What you should do => Would you repeat the listing exactly but omit every picture?

*** Opening of Available records ***

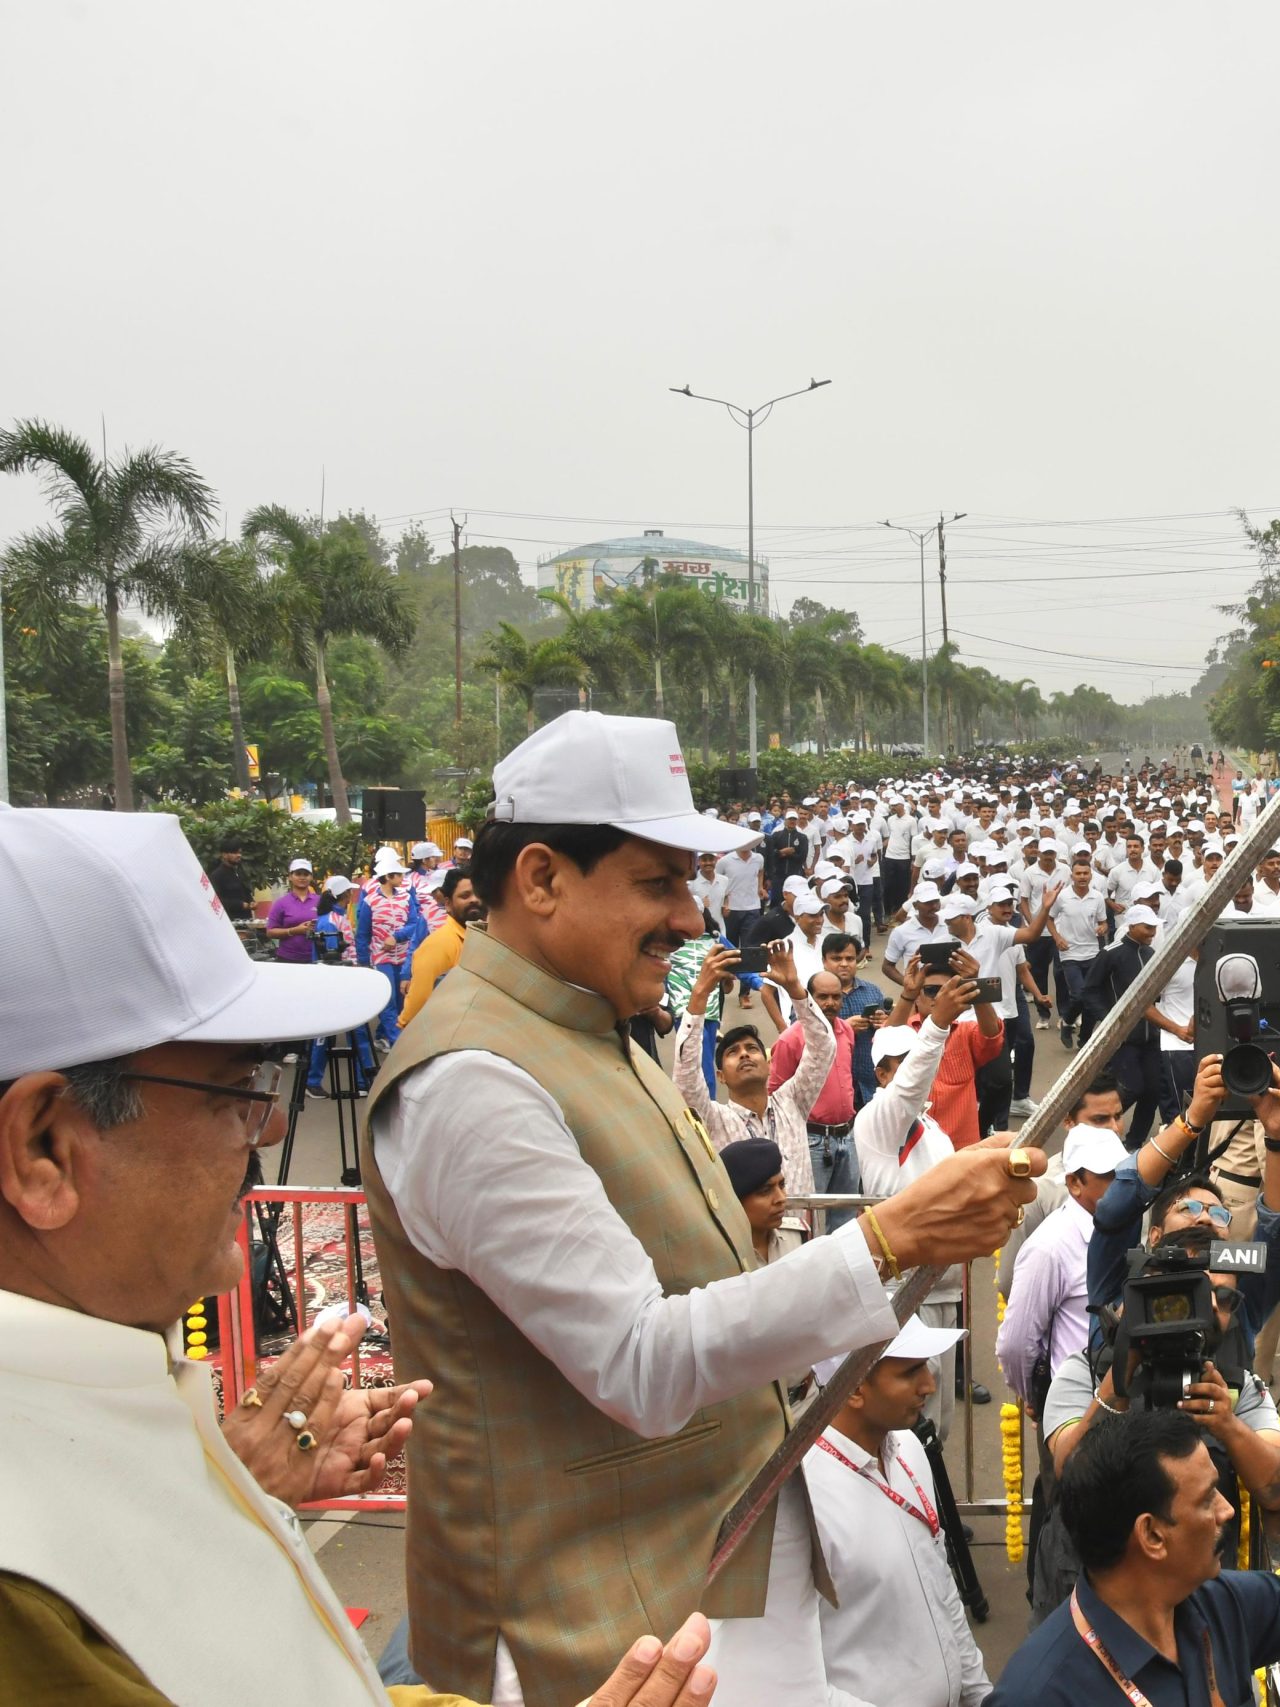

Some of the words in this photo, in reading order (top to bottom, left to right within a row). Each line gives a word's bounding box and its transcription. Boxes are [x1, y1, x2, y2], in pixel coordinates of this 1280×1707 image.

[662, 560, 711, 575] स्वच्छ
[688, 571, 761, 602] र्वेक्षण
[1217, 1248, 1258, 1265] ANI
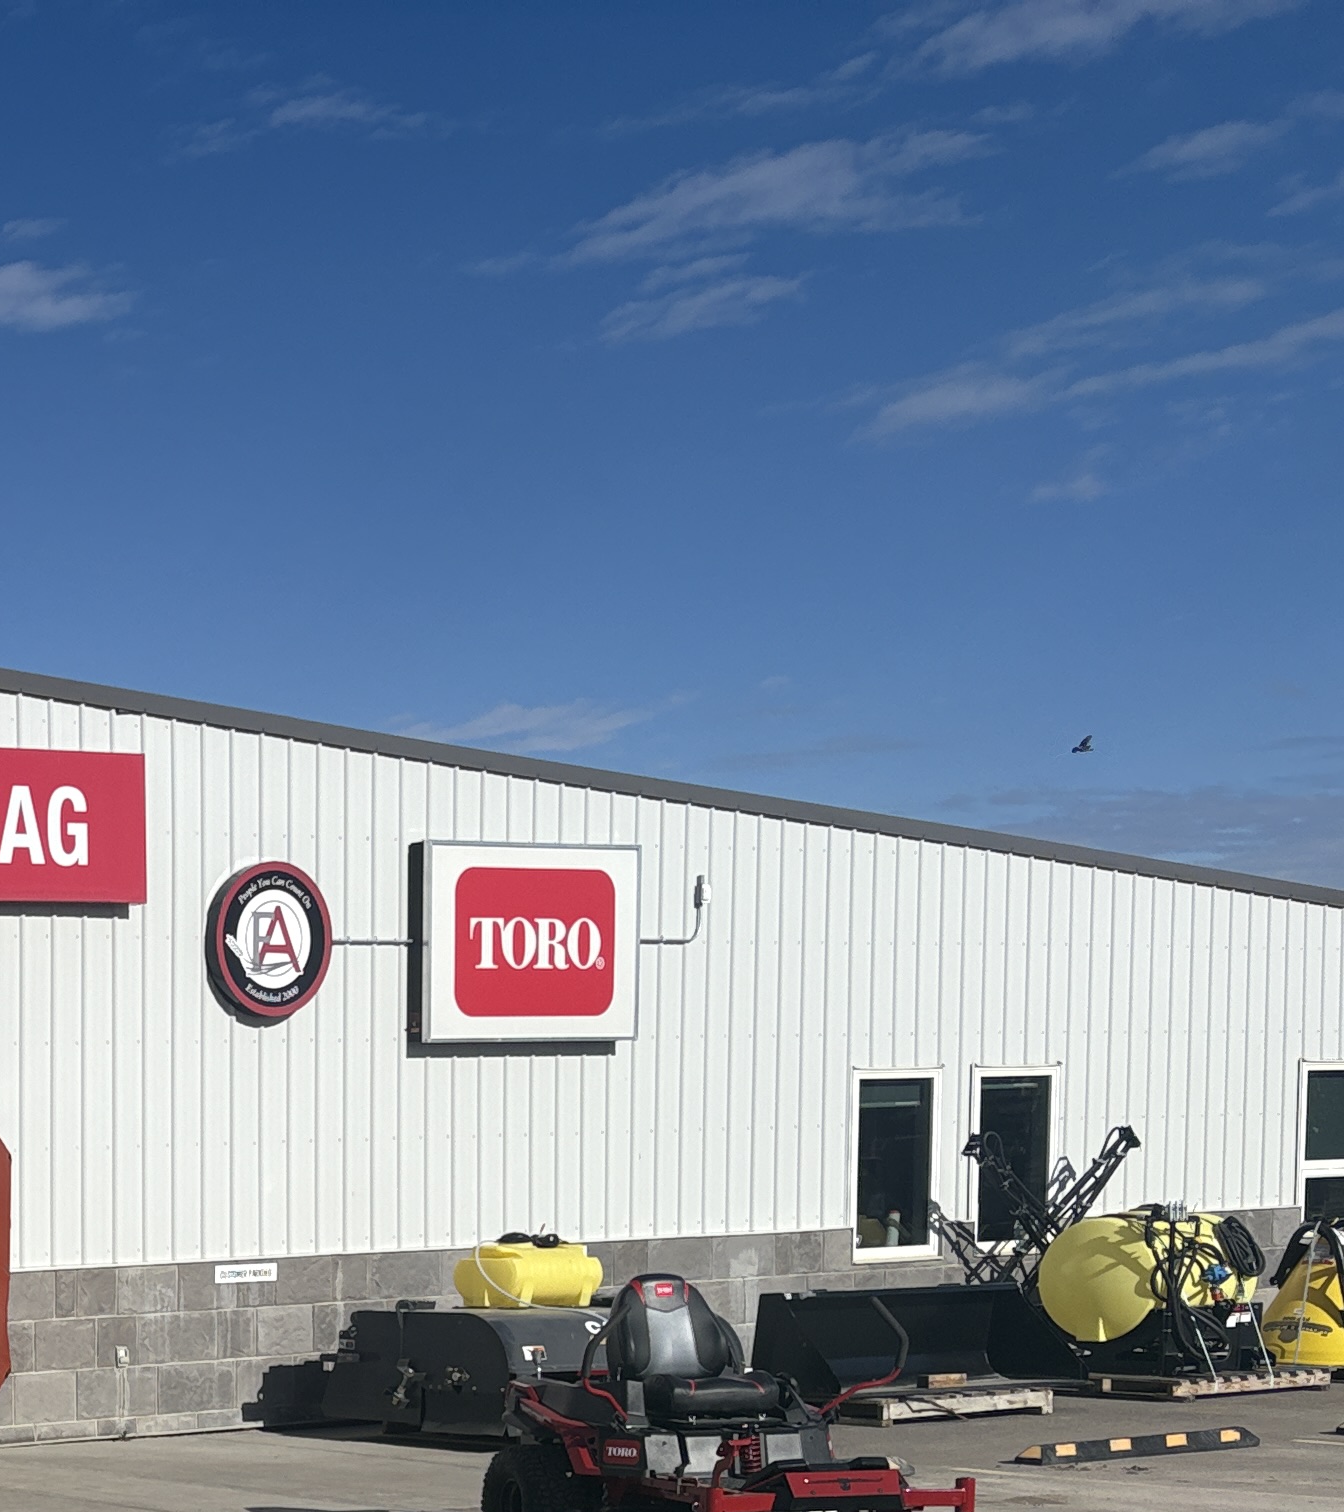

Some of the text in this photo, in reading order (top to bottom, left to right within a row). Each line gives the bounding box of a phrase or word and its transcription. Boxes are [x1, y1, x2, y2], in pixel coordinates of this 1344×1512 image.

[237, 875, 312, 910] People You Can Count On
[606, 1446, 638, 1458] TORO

*** Close of Available records ***

Answer space =>
Some of the words in this photo, in reading order (top to bottom, left to right within a row). Each line gives a word's bounding box and its transcription. Boxes are [x1, y1, x2, y2], in pixel coordinates of this 1280×1707 image.

[662, 560, 711, 575] स्वच्छ
[688, 571, 761, 602] र्वेक्षण
[1217, 1248, 1258, 1265] ANI

Some of the text in this photo, in reading order (top to bottom, left to right within a row). Each line gives the bounding box of a phrase or word and its transcription. Boxes are [x1, y1, x2, y2], in pixel coordinates of this 1344×1512 image.

[237, 875, 312, 910] People You Can Count On
[606, 1446, 638, 1458] TORO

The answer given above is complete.